> [Your instructions] Without the pictures, reproduce the records that follow exactly.

> [Dataset extract]

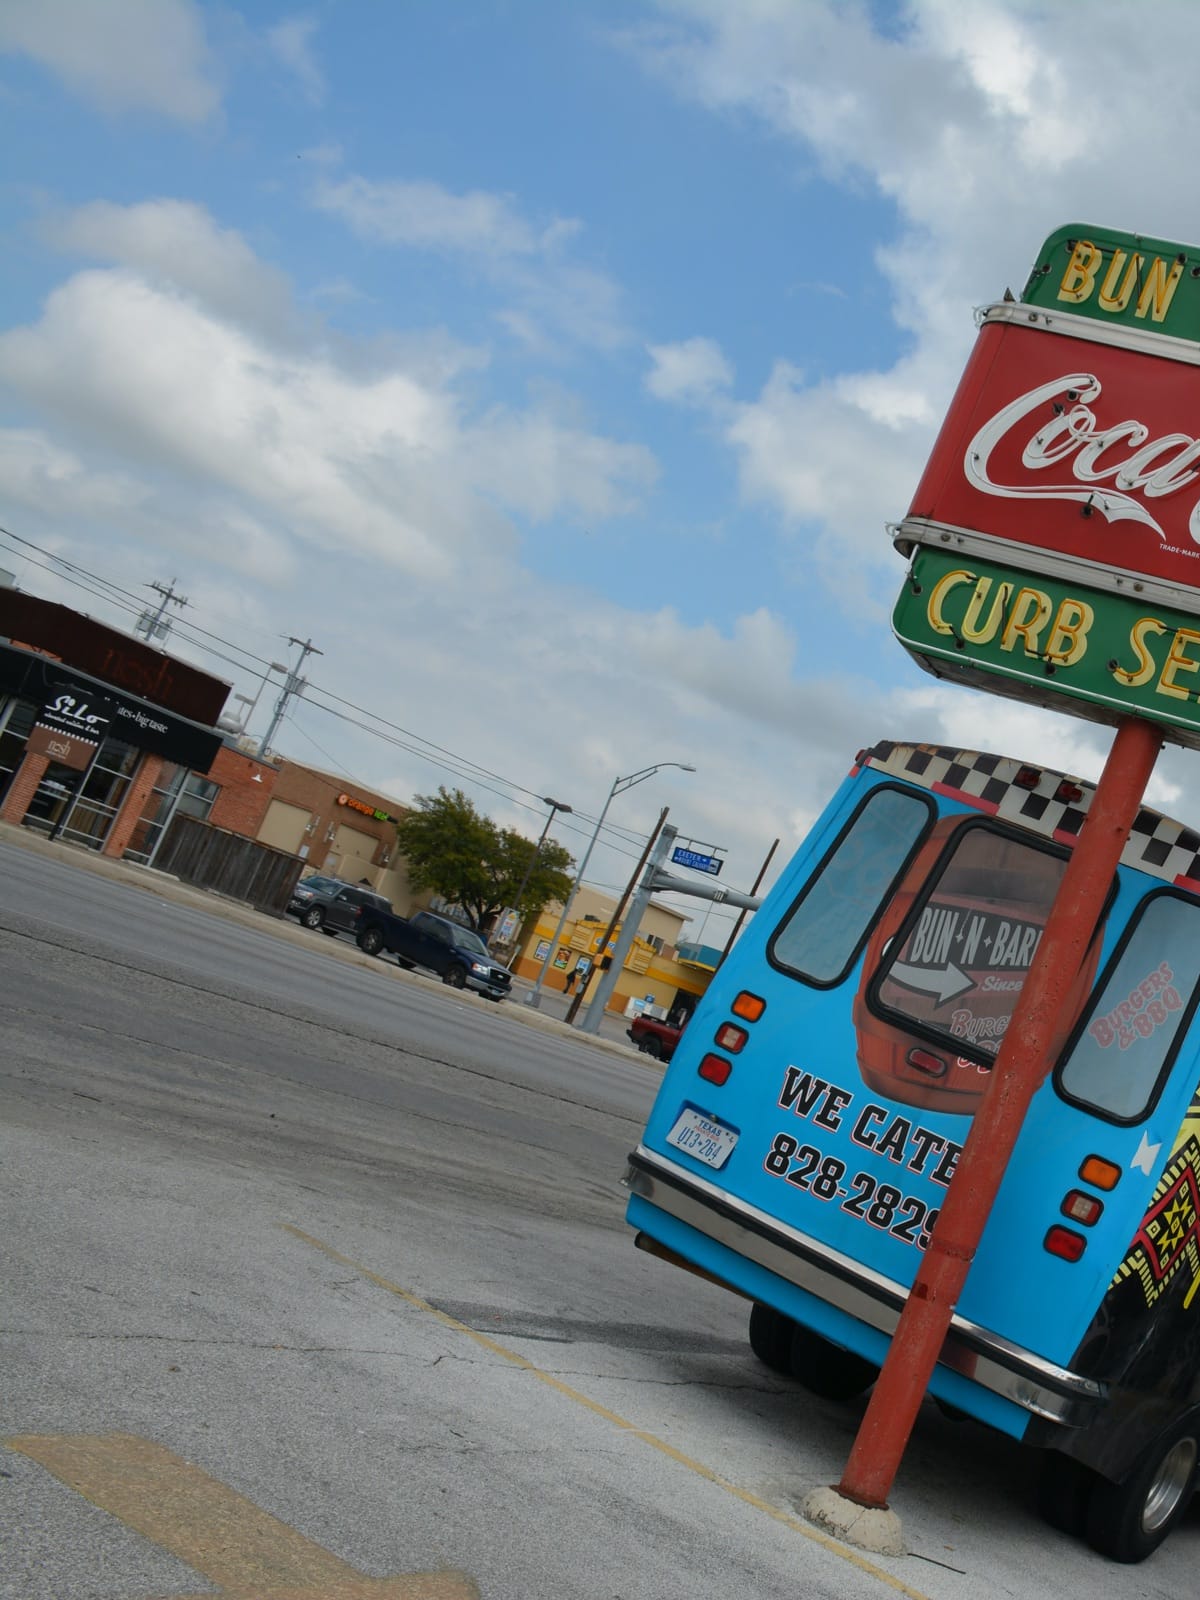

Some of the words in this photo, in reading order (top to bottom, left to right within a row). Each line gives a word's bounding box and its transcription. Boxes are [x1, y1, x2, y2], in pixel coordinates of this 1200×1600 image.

[1057, 240, 1184, 323] BUN
[927, 569, 1095, 667] CURB
[910, 906, 960, 964] BUN
[960, 915, 987, 965] N
[988, 921, 1044, 967] BAR
[981, 975, 1024, 993] Since
[1088, 960, 1175, 1049] BURGERS
[950, 1008, 1011, 1038] BURG
[699, 1120, 722, 1137] TEXAS
[777, 1065, 854, 1133] WE
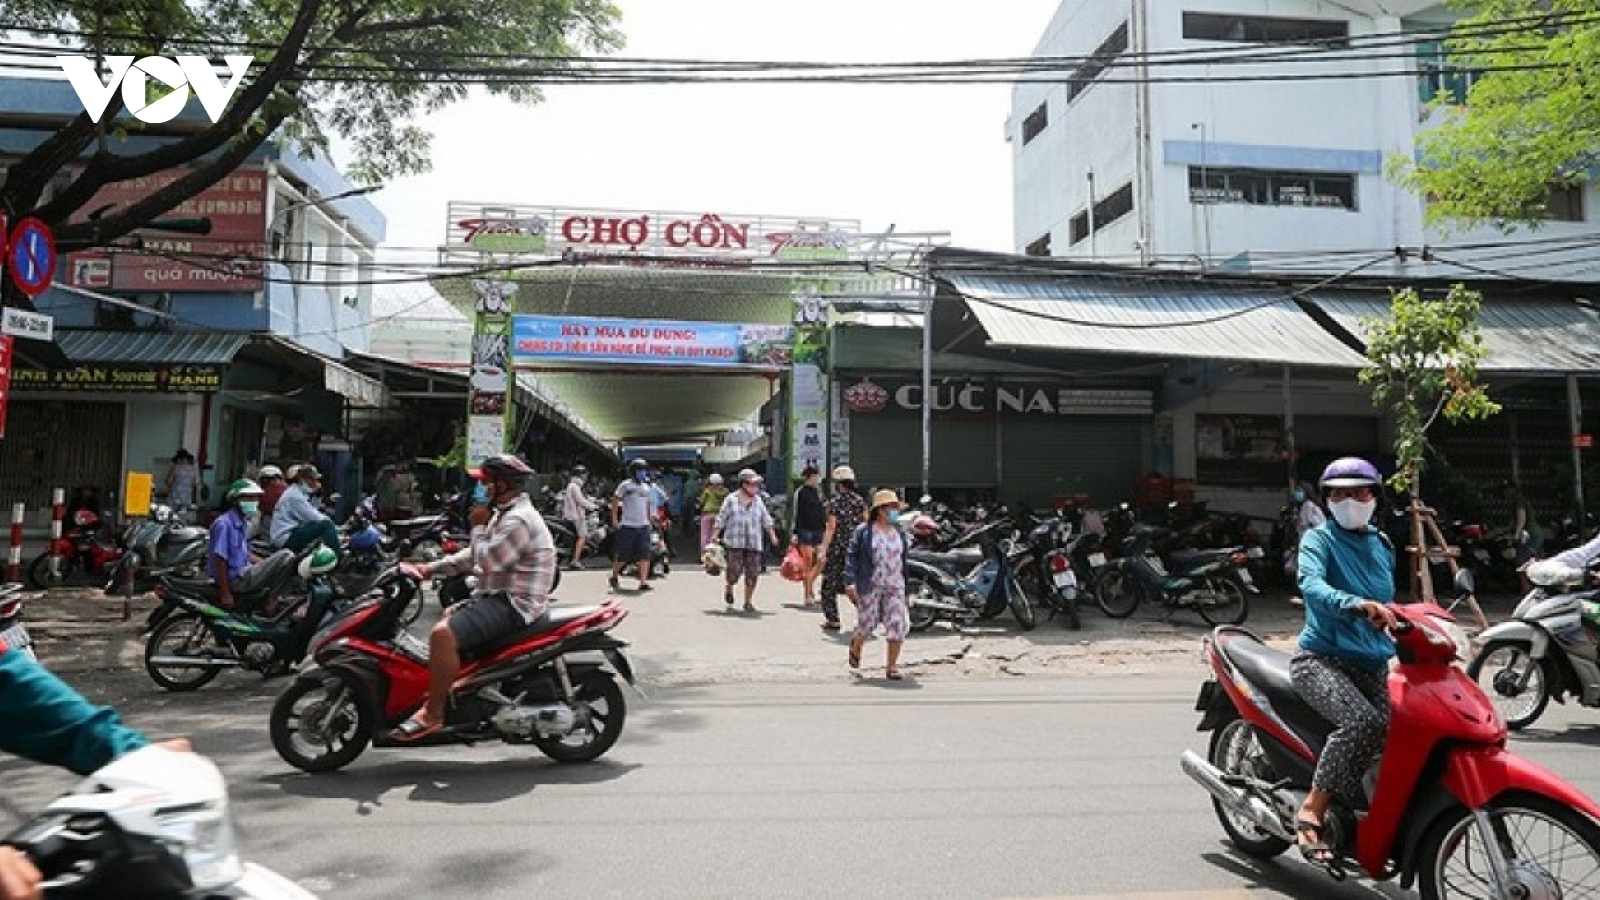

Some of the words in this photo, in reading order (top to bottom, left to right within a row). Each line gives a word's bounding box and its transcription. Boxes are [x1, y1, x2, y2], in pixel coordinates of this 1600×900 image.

[561, 214, 650, 251] CHỢ
[666, 213, 750, 248] CỒN
[996, 387, 1055, 413] NA
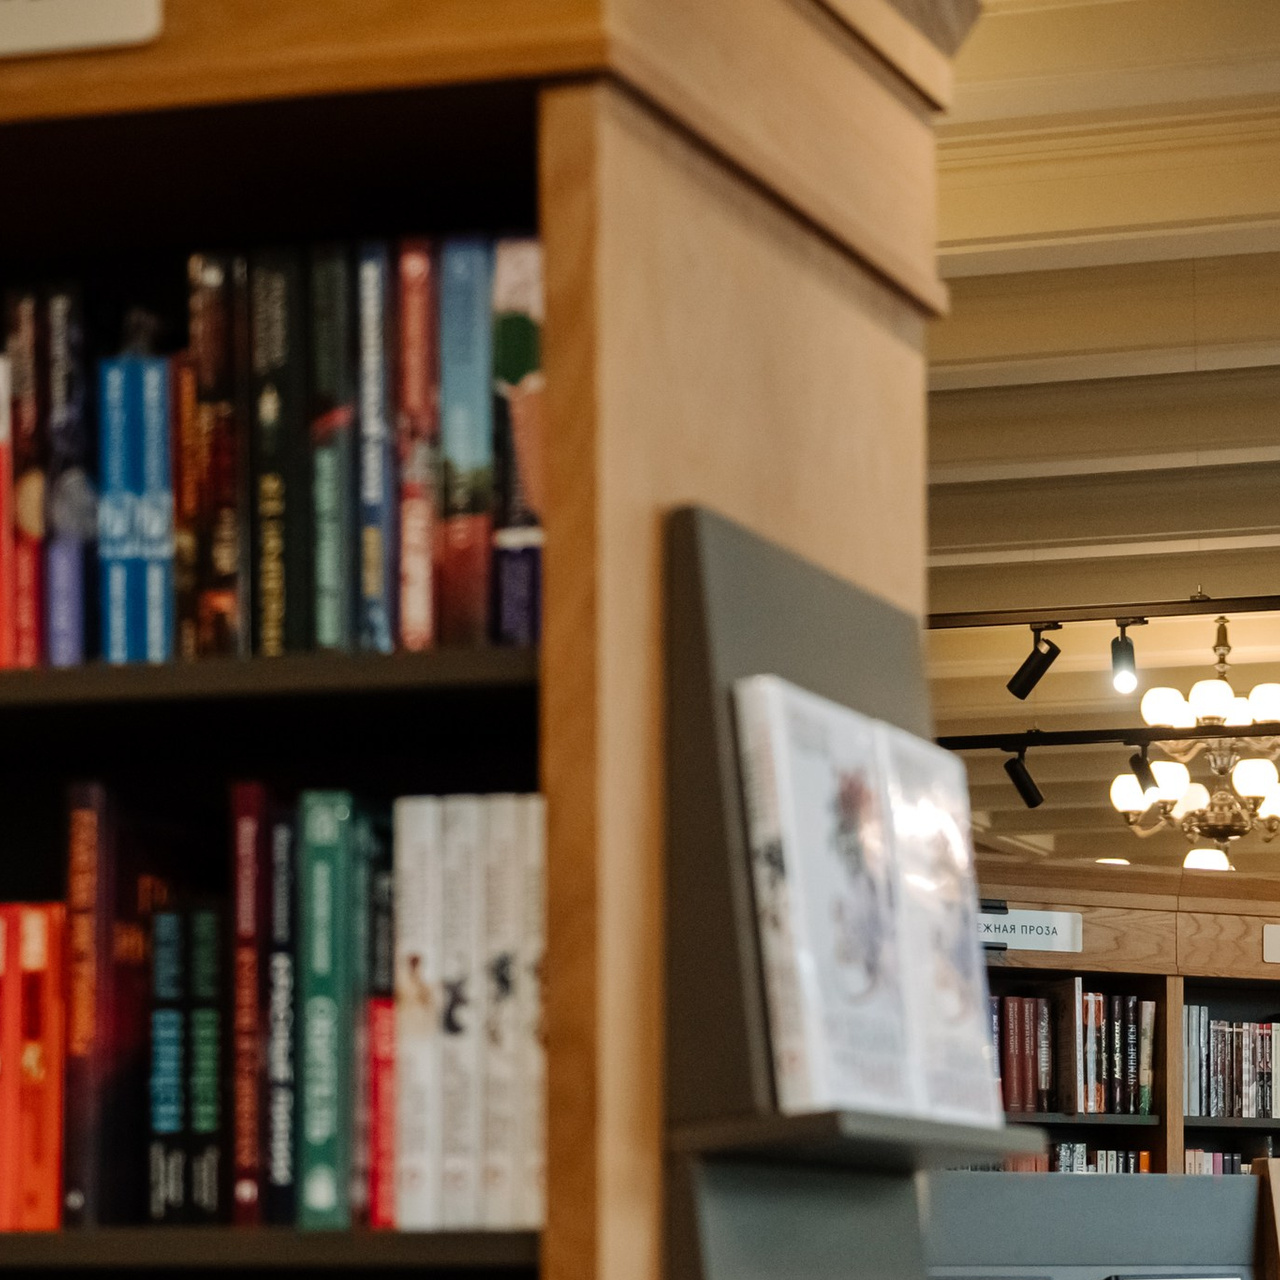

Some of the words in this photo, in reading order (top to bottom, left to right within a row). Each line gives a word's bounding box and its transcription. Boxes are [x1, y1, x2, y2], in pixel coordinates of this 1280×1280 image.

> [Result]
Some of the words in this photo, in reading order (top to bottom, left to right within a row). Each line gives a word's bounding box and its transcription. Boxes are [x1, y1, x2, y2], in pixel coordinates of this 1200×1600 image.

[1057, 240, 1184, 323] BUN
[927, 569, 1095, 667] CURB
[910, 906, 960, 964] BUN
[960, 915, 987, 965] N
[988, 921, 1044, 967] BAR
[981, 975, 1024, 993] Since
[1088, 960, 1175, 1049] BURGERS
[950, 1008, 1011, 1038] BURG
[699, 1120, 722, 1137] TEXAS
[777, 1065, 854, 1133] WE

Some of the words in this photo, in reading order (top to bottom, left to right within a row). Each line gives a word's bounding box and its transcription. Boxes are [x1, y1, x2, y2], in pixel coordinates of this 1600×900 image.

[561, 214, 650, 251] CHỢ
[666, 213, 750, 248] CỒN
[996, 387, 1055, 413] NA

Some of the words in this photo, in reading order (top to bottom, left to right within a row). Each line gives a word's bounding box and its transcription. Boxes are [x1, y1, x2, y2], in pixel coordinates of this 1280×1280 image.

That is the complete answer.